[What needs to be done]: Give again, unchanged, the line that contains "this 1344×1512 image." together with every line that follows it until the entries end.

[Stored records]
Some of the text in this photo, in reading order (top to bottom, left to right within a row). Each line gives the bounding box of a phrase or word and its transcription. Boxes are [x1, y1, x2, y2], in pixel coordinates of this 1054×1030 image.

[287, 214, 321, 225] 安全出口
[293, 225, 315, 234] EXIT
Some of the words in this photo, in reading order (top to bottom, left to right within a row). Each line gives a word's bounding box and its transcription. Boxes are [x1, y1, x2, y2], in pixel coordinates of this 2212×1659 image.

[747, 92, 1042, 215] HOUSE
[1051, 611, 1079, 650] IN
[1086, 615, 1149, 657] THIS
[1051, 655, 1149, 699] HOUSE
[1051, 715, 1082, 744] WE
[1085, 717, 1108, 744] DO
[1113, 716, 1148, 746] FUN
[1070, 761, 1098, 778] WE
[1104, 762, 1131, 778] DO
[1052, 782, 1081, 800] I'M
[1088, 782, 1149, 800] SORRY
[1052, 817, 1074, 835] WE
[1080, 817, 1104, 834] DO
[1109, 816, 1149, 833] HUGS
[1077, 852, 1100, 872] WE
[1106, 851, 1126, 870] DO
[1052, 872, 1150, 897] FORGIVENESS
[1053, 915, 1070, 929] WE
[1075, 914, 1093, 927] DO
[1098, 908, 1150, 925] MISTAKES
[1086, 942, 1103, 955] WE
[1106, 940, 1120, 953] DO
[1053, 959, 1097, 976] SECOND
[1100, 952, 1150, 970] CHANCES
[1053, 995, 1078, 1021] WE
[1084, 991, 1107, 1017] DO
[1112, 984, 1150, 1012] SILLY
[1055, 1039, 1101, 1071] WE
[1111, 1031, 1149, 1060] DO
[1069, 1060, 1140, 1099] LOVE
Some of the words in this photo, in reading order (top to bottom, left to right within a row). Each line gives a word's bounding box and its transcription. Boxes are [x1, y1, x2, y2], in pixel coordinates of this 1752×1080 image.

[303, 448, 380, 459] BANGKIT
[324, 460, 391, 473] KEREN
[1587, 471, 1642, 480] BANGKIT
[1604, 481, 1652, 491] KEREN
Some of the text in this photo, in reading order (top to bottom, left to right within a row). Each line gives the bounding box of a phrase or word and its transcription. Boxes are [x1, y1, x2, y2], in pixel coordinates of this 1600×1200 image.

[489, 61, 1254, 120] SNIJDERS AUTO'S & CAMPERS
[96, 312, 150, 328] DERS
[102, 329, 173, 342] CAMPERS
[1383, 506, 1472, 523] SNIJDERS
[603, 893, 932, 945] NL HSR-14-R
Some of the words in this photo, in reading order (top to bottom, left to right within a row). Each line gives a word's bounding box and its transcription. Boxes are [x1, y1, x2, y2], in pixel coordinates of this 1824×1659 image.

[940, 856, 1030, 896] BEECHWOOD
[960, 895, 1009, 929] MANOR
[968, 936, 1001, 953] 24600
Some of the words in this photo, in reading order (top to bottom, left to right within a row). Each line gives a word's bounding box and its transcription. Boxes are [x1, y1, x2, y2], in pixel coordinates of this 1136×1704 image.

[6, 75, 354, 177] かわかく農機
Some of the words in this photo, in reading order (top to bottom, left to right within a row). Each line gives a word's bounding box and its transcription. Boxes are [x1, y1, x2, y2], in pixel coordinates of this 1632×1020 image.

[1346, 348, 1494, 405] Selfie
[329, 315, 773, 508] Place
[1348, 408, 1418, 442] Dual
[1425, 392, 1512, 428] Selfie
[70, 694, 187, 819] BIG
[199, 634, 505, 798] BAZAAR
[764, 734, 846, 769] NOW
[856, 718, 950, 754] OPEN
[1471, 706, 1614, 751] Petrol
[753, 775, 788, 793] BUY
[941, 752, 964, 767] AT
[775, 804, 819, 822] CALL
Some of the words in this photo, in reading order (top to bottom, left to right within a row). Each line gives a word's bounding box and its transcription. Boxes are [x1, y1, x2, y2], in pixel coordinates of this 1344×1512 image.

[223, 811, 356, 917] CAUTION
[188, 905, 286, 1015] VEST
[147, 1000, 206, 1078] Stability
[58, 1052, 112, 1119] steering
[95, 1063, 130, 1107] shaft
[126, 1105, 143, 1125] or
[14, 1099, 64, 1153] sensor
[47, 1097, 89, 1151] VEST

[Answer section]:
Some of the words in this photo, in reading order (top to bottom, left to right within a row). Each line gives a word's bounding box and its transcription. Boxes are [x1, y1, x2, y2], in pixel coordinates of this 1344×1512 image.

[223, 811, 356, 917] CAUTION
[188, 905, 286, 1015] VEST
[147, 1000, 206, 1078] Stability
[58, 1052, 112, 1119] steering
[95, 1063, 130, 1107] shaft
[126, 1105, 143, 1125] or
[14, 1099, 64, 1153] sensor
[47, 1097, 89, 1151] VEST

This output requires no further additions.